Reversed, Retraced, Realized

Brian Lopez is an artist continuing to evolve, as heard on his new album "Static Noise"

"Mercury in Retrograde," the opening track on Brian Lopez' new "Static Noise," is at once a universal story and a microcosm, a model of both creation and evolution. Its sonic space-field opening, and the art and science of its composition, introduce a collection of songs representing a surge of creative motion over a particularly energy-charged time and space.

But its origin story couldn't be more humble. "Actually the way this started was I just thought it would be cool to have a song called 'Mercury in Retrograde,'" said Lopez. "Phonetically I just liked it." He spoke expansively, unguarded and relaxed at a table in the center of the Armory Park home he shared at the time with Gabriel Sullivan, guitarist, producer and partner in the wildly popular psychedelic Latin dance band Chicha Dust. "When I started reading up on it I found there was tons of stuff to write about ... You're supposed to be able to correct things that happened in the past. "
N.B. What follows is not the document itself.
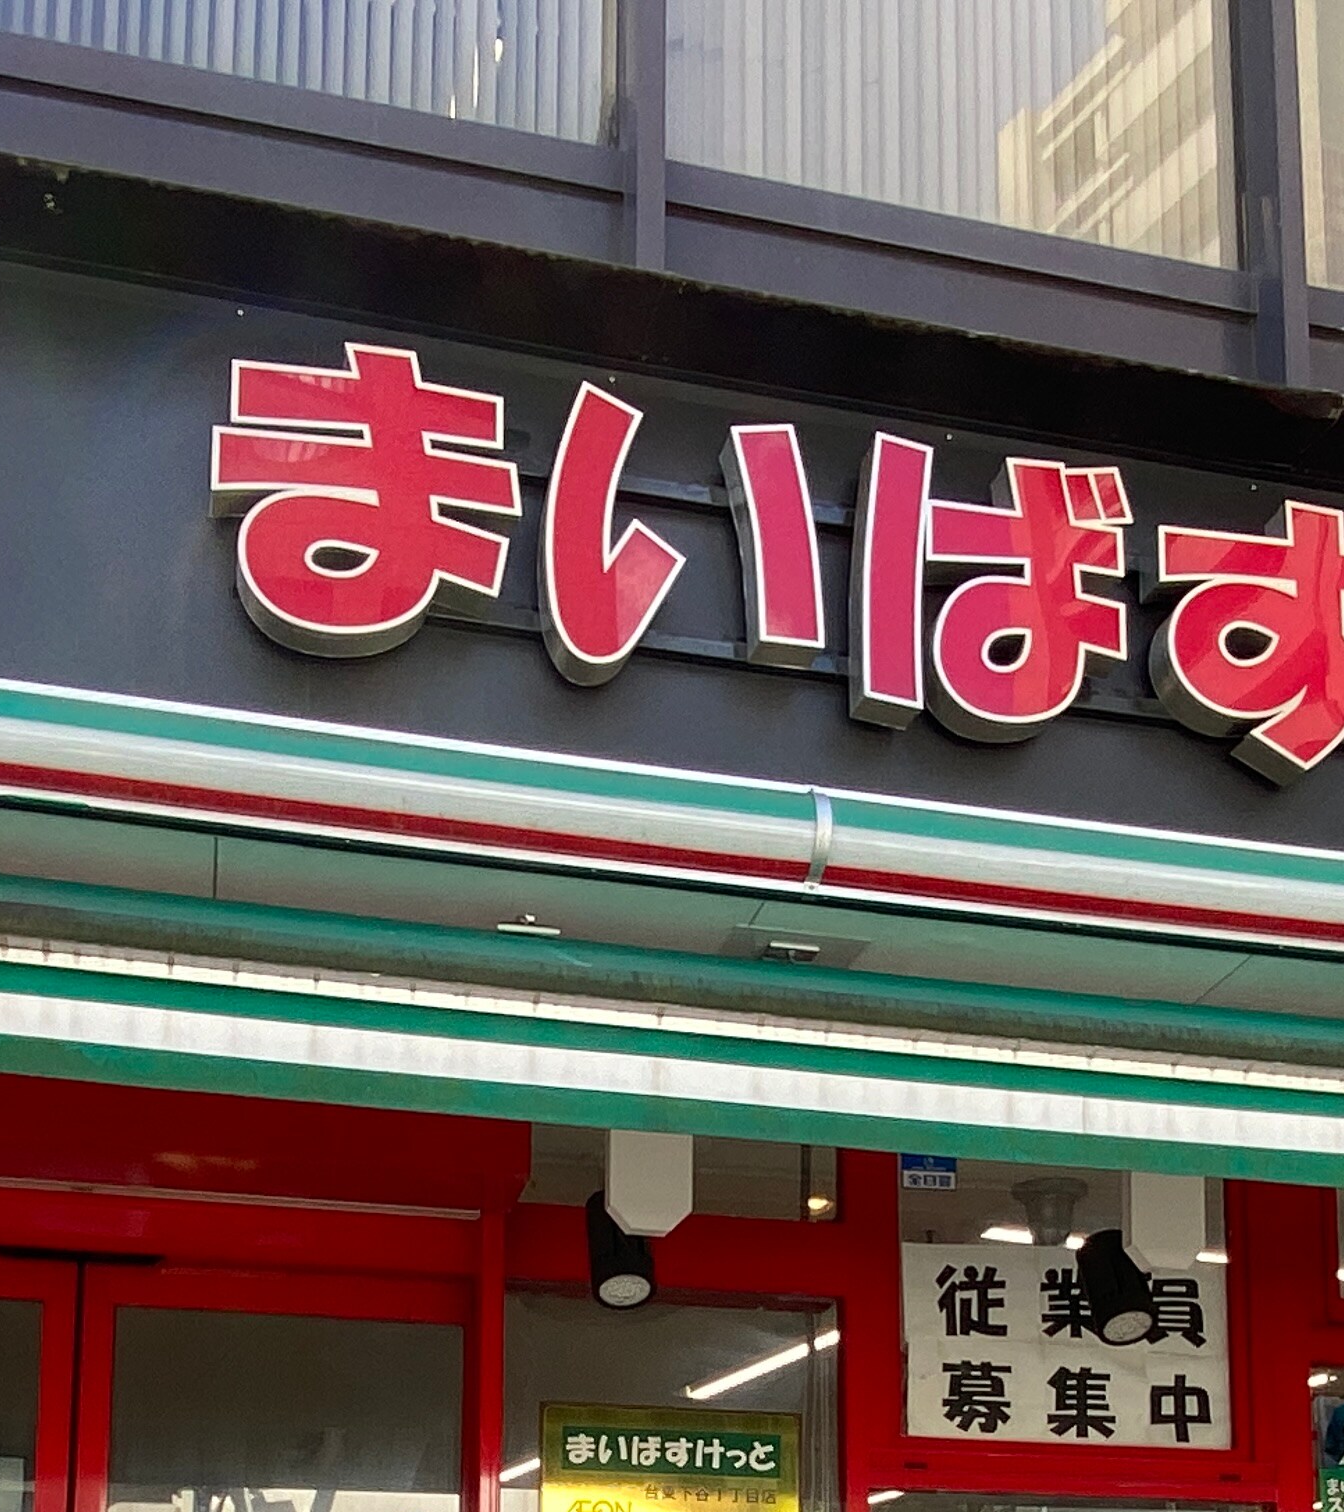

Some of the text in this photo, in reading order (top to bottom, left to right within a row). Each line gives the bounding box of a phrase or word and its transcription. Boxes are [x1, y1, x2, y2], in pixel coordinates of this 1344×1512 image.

[942, 1361, 1212, 1443] 募集中
[565, 1432, 777, 1472] まいばすけっと
From such whimsical beginnings, the song leads into 13 tracks of fresh perspective on Lopez, his music and his career prospects, reflecting the maturity earned and the influences absorbed in hundreds of hours on tour domestically and internationally with Howe Gelb's Giant Giant Sand, solo opening slots for Scottish singer-songwriter K.T. Tunstall, dozens of hours in the studio as guitarist on-call for other recording artists, and a soupcon of style points from Sean Slade, whose credits include Radiohead, Pixies, Hole, Ben Folds and Morphine.

Lopez's last set of original music was "Ultra," his first album following the breakup of his just-post-college band Mostly Bears. A too-short-lived, cutting edge, psychedelic/prog outfit, Mostly Bears had swept Tucson like a flash flood, leaving a TAMMIES® award and hundreds of bereft fans in its wake.

'"Ultra' was a result of me scrambling as to what I'm going to do next," Lopez said.  "I've always had songs. I have melodies and lyrics going through my head pretty much all the time. With Mostly Bears, there'd be songs they didn't want to do because it wasn't a band thing. I just slowly started compiling a catalog of songs that I was doing on my own."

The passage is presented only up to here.